Wie grausam und fürchterlich das Wort „Krieg” ist. Es trägt eine Bedeutung, die so viel größer ist als diese fünf Buchstaben.

Ich bin noch immer ein Teenager, aber ich habe Dinge erleben und lernen müssen, die andere Jugendliche in meinem Alter niemals kennengelernt haben. Ich wurde stark, als ich Wasser nach Hause getragen habe, nachdem wir keines mehr hatten. Ich wurde mutig, als ich zur Schule ging, während Bomben und Raketen auf uns niedergingen. Ich wurde genügsam, als ich mir ein Stück Kleidung wünschte, das ich nicht kaufen konnte.

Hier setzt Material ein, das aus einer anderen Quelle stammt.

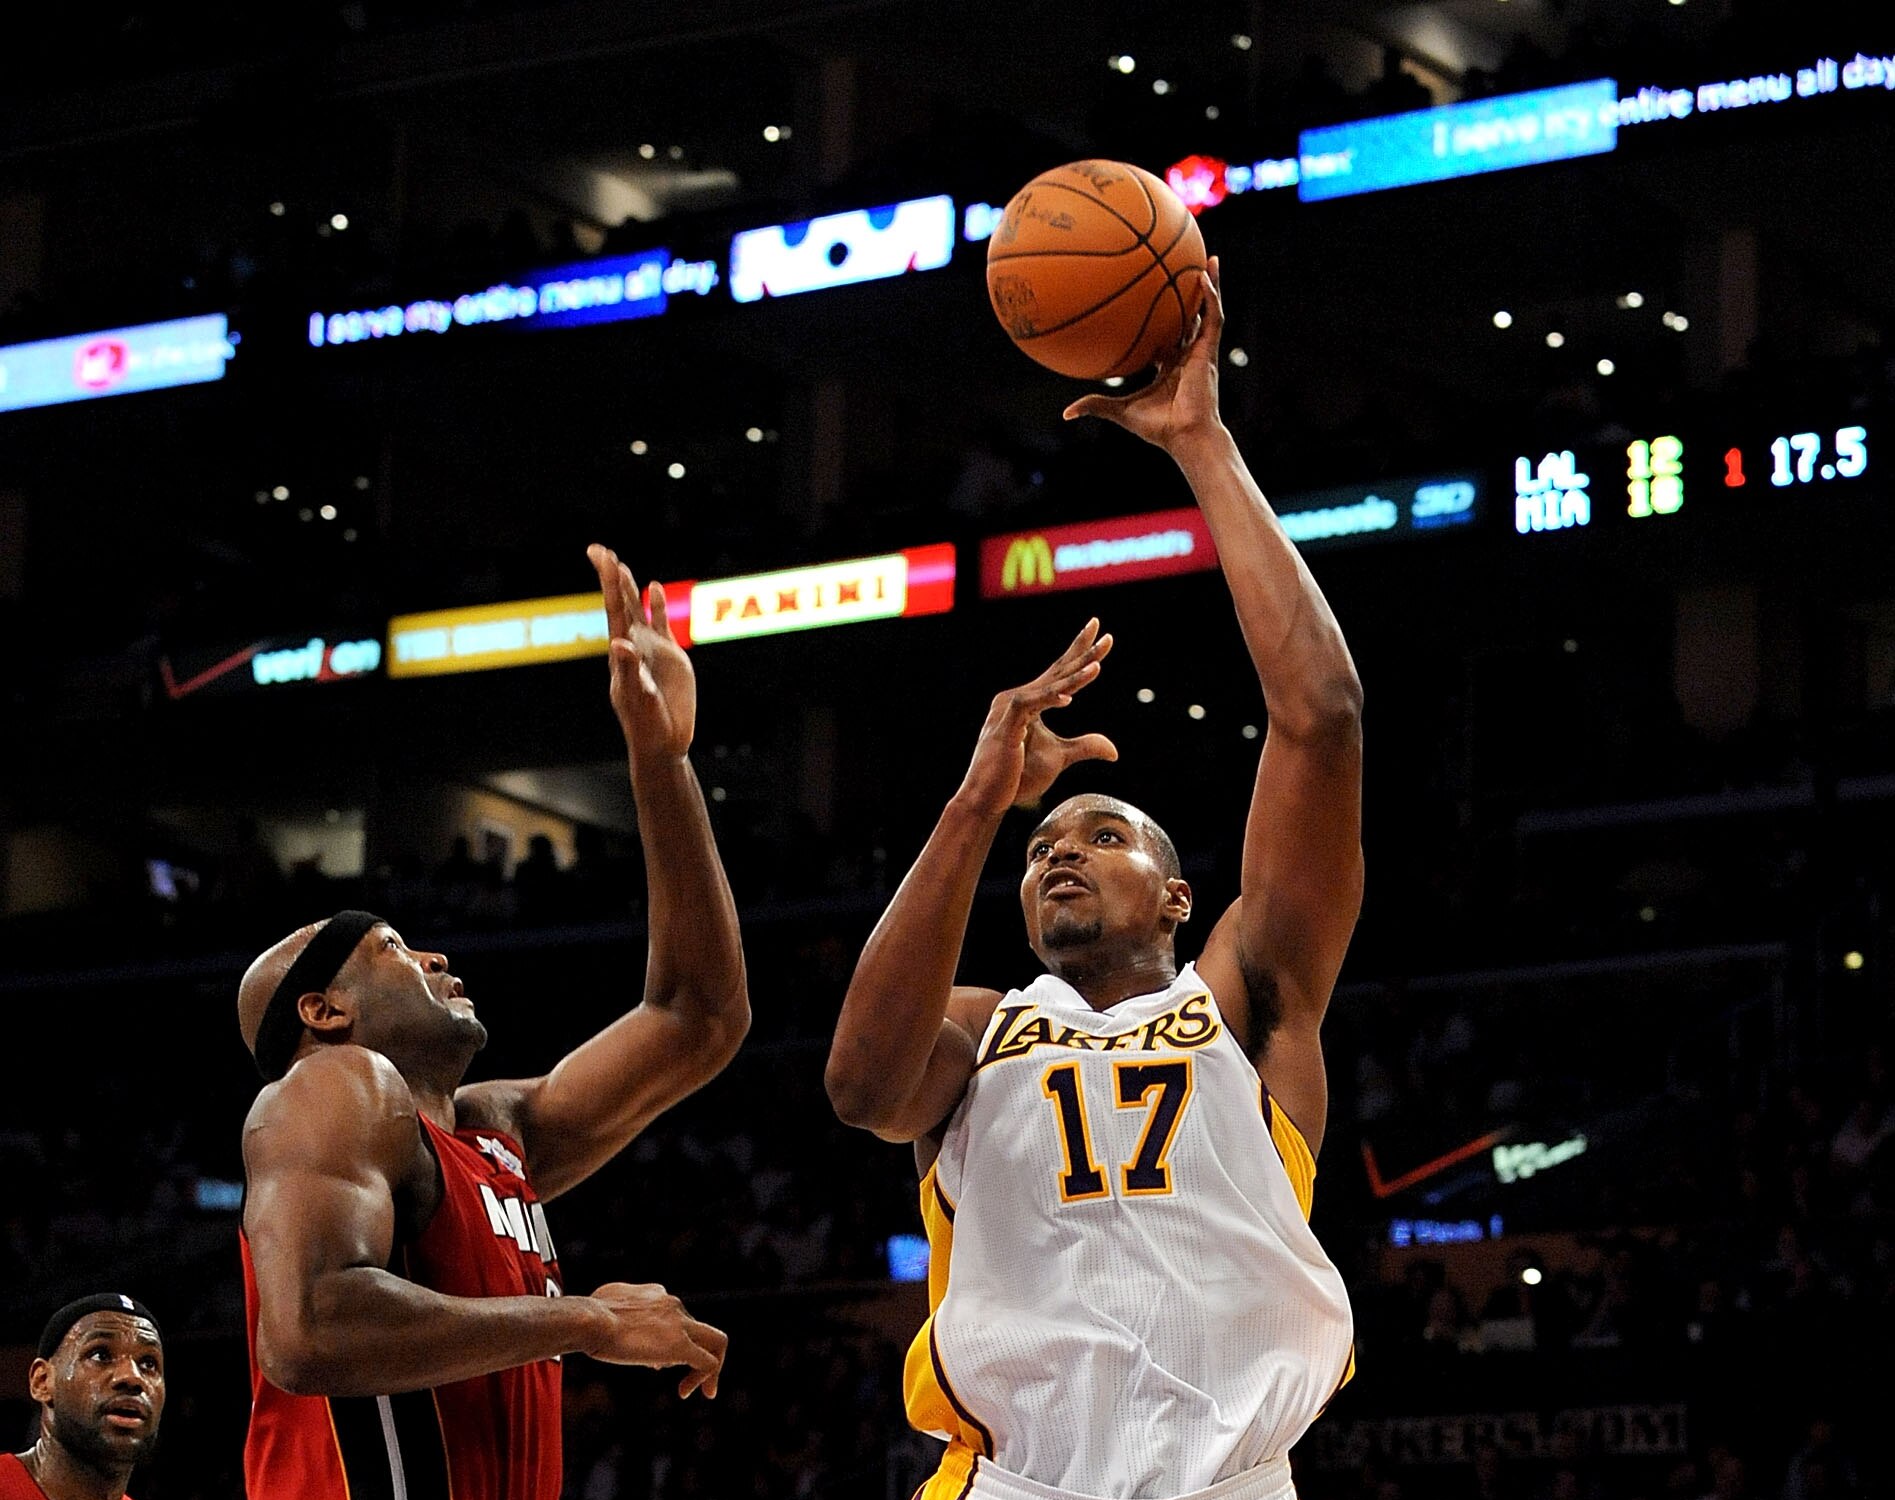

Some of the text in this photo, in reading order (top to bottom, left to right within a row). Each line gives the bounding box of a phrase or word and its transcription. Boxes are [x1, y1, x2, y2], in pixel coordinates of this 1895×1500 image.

[1697, 72, 1792, 113] menu
[1796, 56, 1838, 98] all
[1514, 425, 1867, 495] LAL 12 1 17.5
[1514, 487, 1591, 535] MIA
[714, 574, 888, 623] PANINI
[1039, 1055, 1195, 1205] 17

Ich habe gelernt, dass der Glaube Berge versetzen kann, als ich die neunte Klasse bei Kerzenschein bestand. Ich habe gelernt, den Wert des Lebens zu schätzen und wie sehr die Menschen sich vor dem Verlust des Lebens ängstigen: Sobald geschossen wird, verstecken sich alle. Ich habe gelernt, dass sich Verlust nicht nur auf materielle Dinge wie Geld bezieht, sondern auch darauf, dass ein Junge seinen Bruder verliert oder eine Mutter ihren Sohn. Ich habe gelernt, dass Entbehrung nicht einfach bedeutet, dass ich nicht das neueste Handy besitze oder die modernste Kleidung, sondern dass eine Familie entbehrt, wenn sie nicht in der Lage ist, einen Laib Brot zu kaufen. Und wie oft habe ich Dinge gesehen, die nicht jeder kennt: Ich habe einen Mann weinen sehen, weil er nicht genug Geld hatte, um seine Familie zu ernähren. Ich habe Kinder gesehen, die ohne ihre Mütter verloren waren. Ich habe Blut gesehen, Trauer und Tränen.

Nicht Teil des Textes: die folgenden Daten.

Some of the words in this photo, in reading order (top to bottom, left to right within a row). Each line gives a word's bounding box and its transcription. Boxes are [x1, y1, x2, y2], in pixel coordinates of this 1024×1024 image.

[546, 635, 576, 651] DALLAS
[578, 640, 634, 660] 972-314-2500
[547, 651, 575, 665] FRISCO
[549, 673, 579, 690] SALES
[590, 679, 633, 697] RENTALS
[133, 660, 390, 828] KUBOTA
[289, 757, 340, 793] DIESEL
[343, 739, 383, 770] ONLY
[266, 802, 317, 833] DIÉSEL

Und nach Monaten und Tagen, die der Krieg andauerte und wir weiterlernten und weiterlitten, begann ich plötzlich, mich an den Krieg zu gewöhnen. Alles begann natürlich zu wirken und ich verstand, dass der Krieg zu einem Teil meines Lebens geworden war. Wie grausam es ist, sich daran zu gewöhnen, Blut zu sehen und Zeuge von Gewalt zu werden; wie schmerzhaft es für ein Herz ist, zu Stein zu werden und für Gefühle, einfach zu verschwinden. Jeden Tag mehr Tote, jeden Tag mehr Zerstörung. Jeder Tag ist wie ein neuer Schock, mit weiterem menschlichen und materiellem Verlust. Die Opfer wurden zu schieren Zahlen: zwanzig, dreißig oder vierzig. Der Tod verlor seine Bedeutung und alles Menschliche wurde zunichte gemacht.

Diese Worte stehen nicht nur für mich, sondern für meine ganze Generation. Dieses Leid ist nicht nur mein eigenes, sondern jedermanns. Wie sehr ich mir den Tag herbeisehne, an dem es meinem Land wieder gut geht. Wenn es meinem Land wieder gut geht, wird es auch mir wieder gut gehen.

Haya.

Haya Hafez, geb. 2000, ist in Aleppo aufgewachsen und zur Schule gegangen. Im Dezember 2015 konnte sie durch den Verein Flüchtlingspaten Syrien e.V. mit ihren Eltern und Geschwistern legal nach Deutschland ausreisen. Sie hat in Berlin zunächst eine Willkommensklasse besucht, jetzt geht sie regulär in eine 10. Klasse und will Abitur machen.